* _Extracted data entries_
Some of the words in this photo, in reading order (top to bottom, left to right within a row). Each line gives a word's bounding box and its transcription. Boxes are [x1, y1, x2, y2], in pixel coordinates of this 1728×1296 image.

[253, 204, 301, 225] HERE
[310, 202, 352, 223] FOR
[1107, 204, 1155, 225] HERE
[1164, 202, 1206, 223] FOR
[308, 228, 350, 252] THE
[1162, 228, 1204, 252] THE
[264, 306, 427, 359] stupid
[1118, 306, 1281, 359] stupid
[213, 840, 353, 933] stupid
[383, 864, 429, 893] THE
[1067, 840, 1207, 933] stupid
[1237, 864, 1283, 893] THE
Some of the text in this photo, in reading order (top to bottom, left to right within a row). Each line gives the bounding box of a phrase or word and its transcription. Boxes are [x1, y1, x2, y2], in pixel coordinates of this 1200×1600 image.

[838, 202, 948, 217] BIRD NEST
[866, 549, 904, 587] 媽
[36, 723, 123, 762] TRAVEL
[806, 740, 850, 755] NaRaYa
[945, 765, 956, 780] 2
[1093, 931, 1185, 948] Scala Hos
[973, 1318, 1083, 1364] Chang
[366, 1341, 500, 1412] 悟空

* _REQUIRED WORK_
What is needed is an exact copy of the lines from the one containing "Some of the text" to the end of the data; please add nothing else.

* _REPLY_
Some of the text in this photo, in reading order (top to bottom, left to right within a row). Each line gives the bounding box of a phrase or word and its transcription. Boxes are [x1, y1, x2, y2], in pixel coordinates of this 1200×1600 image.

[838, 202, 948, 217] BIRD NEST
[866, 549, 904, 587] 媽
[36, 723, 123, 762] TRAVEL
[806, 740, 850, 755] NaRaYa
[945, 765, 956, 780] 2
[1093, 931, 1185, 948] Scala Hos
[973, 1318, 1083, 1364] Chang
[366, 1341, 500, 1412] 悟空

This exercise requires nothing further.